Opening Decision Point - pg 108

Creating an Ethics Program

Imagine that you work in the Human Resources department of your company. Your CEO has asked the HR department to develop an ethics program for the firm, and you have been assigned responsibility for creating it. You have been asked to report back to your CEO in two weeks with a draft version of a code of ethics for the company, a summary of other elements that the ethics program will include, and a proposal for how you will be able to assess whether the program is working.
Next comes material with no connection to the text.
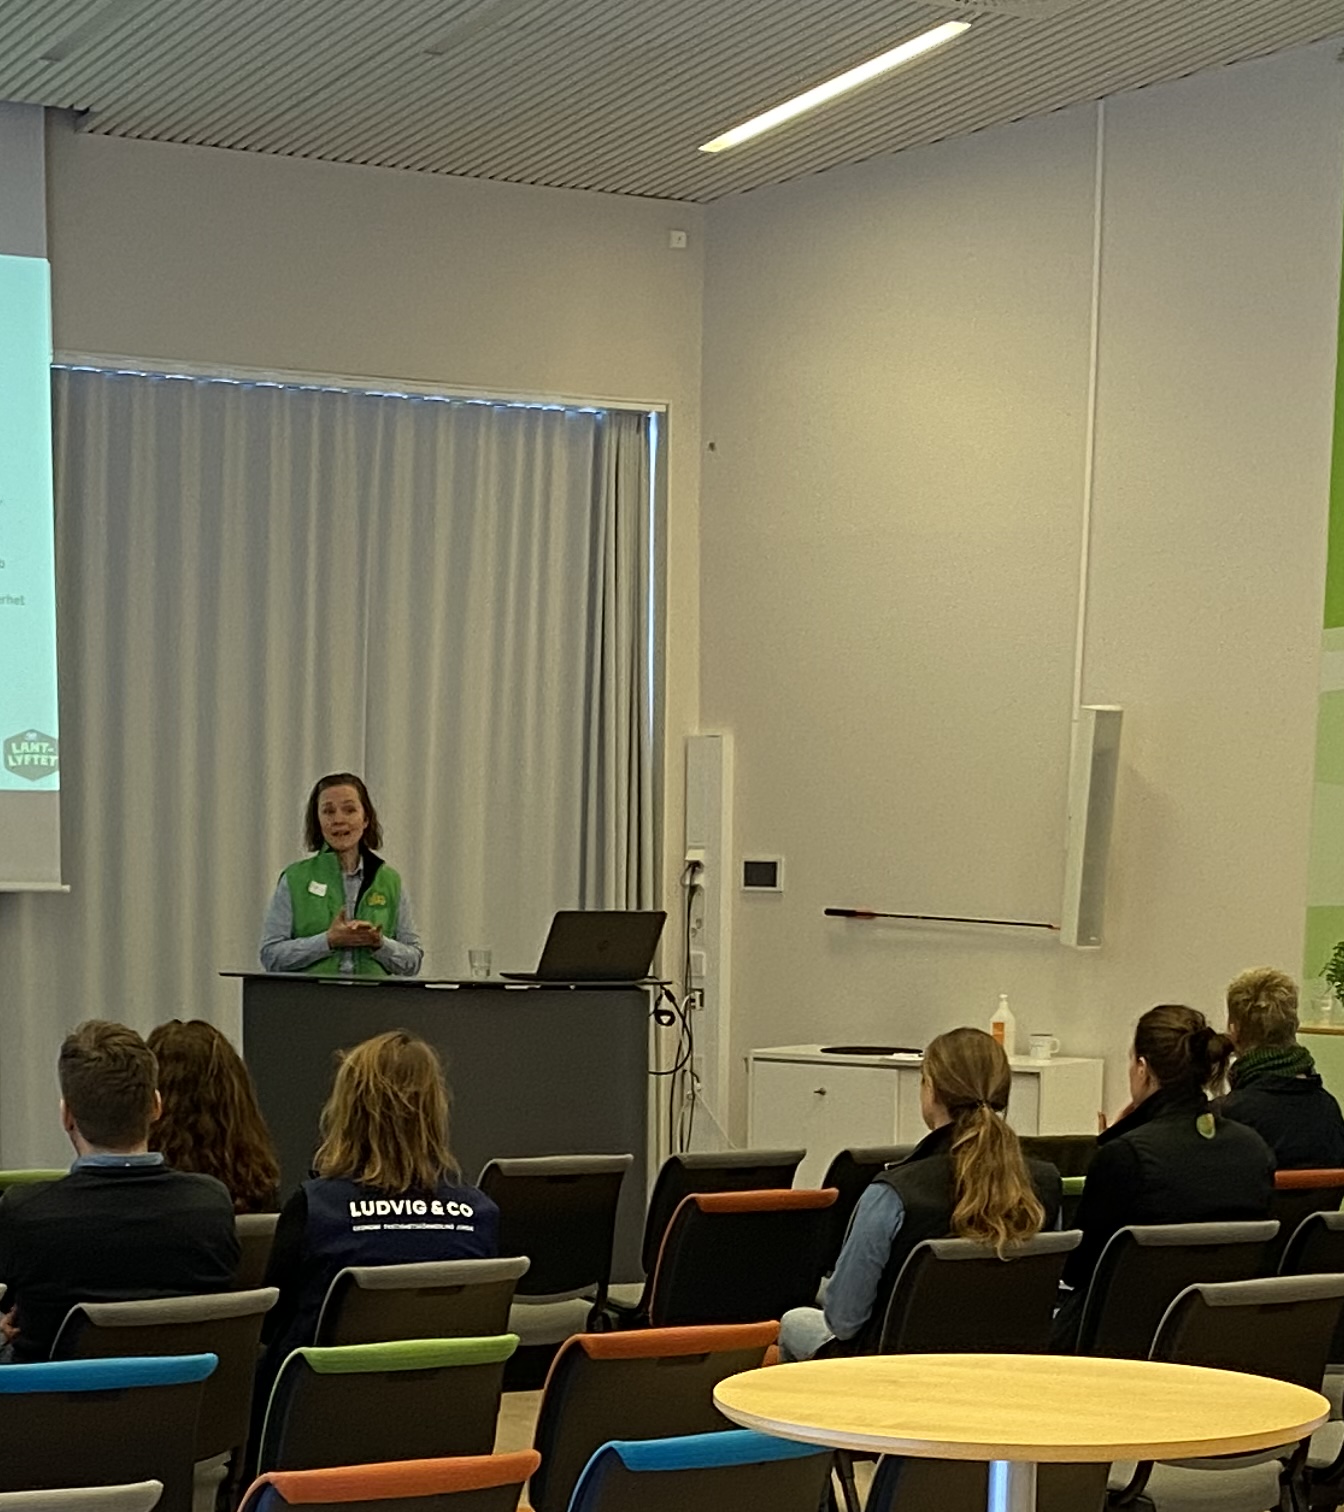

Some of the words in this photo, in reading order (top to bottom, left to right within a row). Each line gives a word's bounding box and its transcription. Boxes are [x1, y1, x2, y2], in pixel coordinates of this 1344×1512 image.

[349, 1200, 427, 1217] LUDVIG
[431, 1200, 445, 1216] &
[446, 1201, 474, 1217] CO
Your CEO also asks that you come prepared to explain what role she can play in promoting ethics and to ensure the success of the ethics program.

You begin your research and quickly find that there are a number of potentially desirable and somewhat overlapping outcomes of effective ethics programs:

1. Discovery of unethical/illegal behavior and reduction of meltdowns, resulting in avoidance or reduction of fines/criminal charges (also applies to several of the items included below):

2. Awareness of ethical and legal issues.

3. A resource for guidance and advice.

4. Accurate reports of wrongdoing.

5. Greater customer loyalty, resulting in increased sales and better reputation.

6. Incorporation of values in decision processes.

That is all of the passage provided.